Pages

Saturday, January 25, 2014

Real talk

So I never blog anymore like what is that why don't I blog I don't know.  It's kinda like why do I talk to myself or why can't I use good grammar?  Questions that will always go unanswerd I guess.  Okay so I was thinking about my blog the other day.  And I started to think about how fake I am with people.  I'm fake on my blog and in person.  I act like I'm this like inspirational fountain of amazingness(pretty sure that's not a word, there I go with my grammar again).  But hey guys I'm really not.  I use the word like like every other sentence.....like.  I really couldn't care less about my generation honestly because it's doomed any way.  And for every one who thinks I'm like suicidal and all that jazz news flash I'm not okay.  I'm a teenager.  A really hormonal one.  Like take the most hormonal teen you've ever met and multiply that by like 6 no 7 no 6 I like 6 we'll do 6 okay so take that teen and multiply them by 6 and that's me.  I have like 20 million thoughts in my head at once and sometimes the sad ones pop out and I'm sad and sometimes the crazy ones pop out and I'm crazy.  Don't ask me why that's just how I am okay?  So now we have all this confusion cleared up we can finally have real talk okay you cool with that?  Well if you're still reading my blog after that mess I'm guessing you are.  I am a freak okay I'm crazy and I'm loud but I'm done pretending to be this model citizen okay? Okay....I think I'm good.  That felt good.  We should do this again some time.

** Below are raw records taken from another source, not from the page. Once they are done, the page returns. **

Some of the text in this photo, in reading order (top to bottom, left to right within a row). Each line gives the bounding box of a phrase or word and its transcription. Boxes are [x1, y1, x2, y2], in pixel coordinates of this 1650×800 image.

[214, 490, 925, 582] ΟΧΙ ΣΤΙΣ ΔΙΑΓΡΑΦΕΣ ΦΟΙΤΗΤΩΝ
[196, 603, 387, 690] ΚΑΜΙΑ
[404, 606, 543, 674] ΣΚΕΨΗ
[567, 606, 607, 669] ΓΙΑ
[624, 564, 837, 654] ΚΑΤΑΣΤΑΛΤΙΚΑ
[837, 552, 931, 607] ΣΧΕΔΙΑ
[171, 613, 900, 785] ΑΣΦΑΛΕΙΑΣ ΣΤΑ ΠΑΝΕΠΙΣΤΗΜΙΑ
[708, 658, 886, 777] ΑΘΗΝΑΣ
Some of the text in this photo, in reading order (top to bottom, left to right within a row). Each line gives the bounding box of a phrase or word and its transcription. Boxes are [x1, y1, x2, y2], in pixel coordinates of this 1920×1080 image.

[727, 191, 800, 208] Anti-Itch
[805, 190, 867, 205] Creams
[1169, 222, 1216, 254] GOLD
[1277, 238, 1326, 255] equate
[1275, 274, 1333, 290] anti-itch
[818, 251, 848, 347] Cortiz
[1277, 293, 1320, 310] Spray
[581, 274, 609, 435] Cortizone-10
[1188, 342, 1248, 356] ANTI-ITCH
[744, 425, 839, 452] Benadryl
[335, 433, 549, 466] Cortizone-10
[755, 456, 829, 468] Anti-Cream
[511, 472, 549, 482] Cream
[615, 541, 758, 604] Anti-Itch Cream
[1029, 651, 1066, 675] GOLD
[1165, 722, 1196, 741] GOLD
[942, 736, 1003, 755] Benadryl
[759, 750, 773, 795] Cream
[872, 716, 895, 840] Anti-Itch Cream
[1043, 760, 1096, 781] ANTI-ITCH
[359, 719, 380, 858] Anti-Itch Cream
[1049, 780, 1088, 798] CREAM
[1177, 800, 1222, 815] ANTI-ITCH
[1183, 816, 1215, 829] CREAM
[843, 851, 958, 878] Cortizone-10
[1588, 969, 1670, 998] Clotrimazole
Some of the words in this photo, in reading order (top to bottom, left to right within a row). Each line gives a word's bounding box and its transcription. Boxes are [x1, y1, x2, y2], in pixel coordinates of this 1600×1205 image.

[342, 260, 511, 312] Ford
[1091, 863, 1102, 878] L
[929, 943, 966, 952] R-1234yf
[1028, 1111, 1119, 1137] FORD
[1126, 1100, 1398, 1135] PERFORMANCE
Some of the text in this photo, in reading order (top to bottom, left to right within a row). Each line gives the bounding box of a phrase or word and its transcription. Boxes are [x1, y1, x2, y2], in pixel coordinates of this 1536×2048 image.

With all the love and care in the world,
Lil red 


Wednesday, January 1, 2014

Maybe

Maybe it was all for nothing.  Maybe all this working and running was for nothing.  Maybe in the end we will just be alone.  Maybe the new year is not the new beginning of anything.  Maybe it was just another day just like the last.  Maybe there is no reward at the end of all our work.  Maybe not living our lives to the fullest was for nothing.  Maybe not loving who we want to love has caused us pain that we shouldn't have had to feel.  Maybe we aren't as important as we think.

But what if....maybe we are.  What if it is all for something.  What if it really is a new year and a new slate. What if we can change everything.  What if all this running and working was for something.  Maybe this year will be your year.  Maybe you will make this world different this year.  We will never know for sure I guess.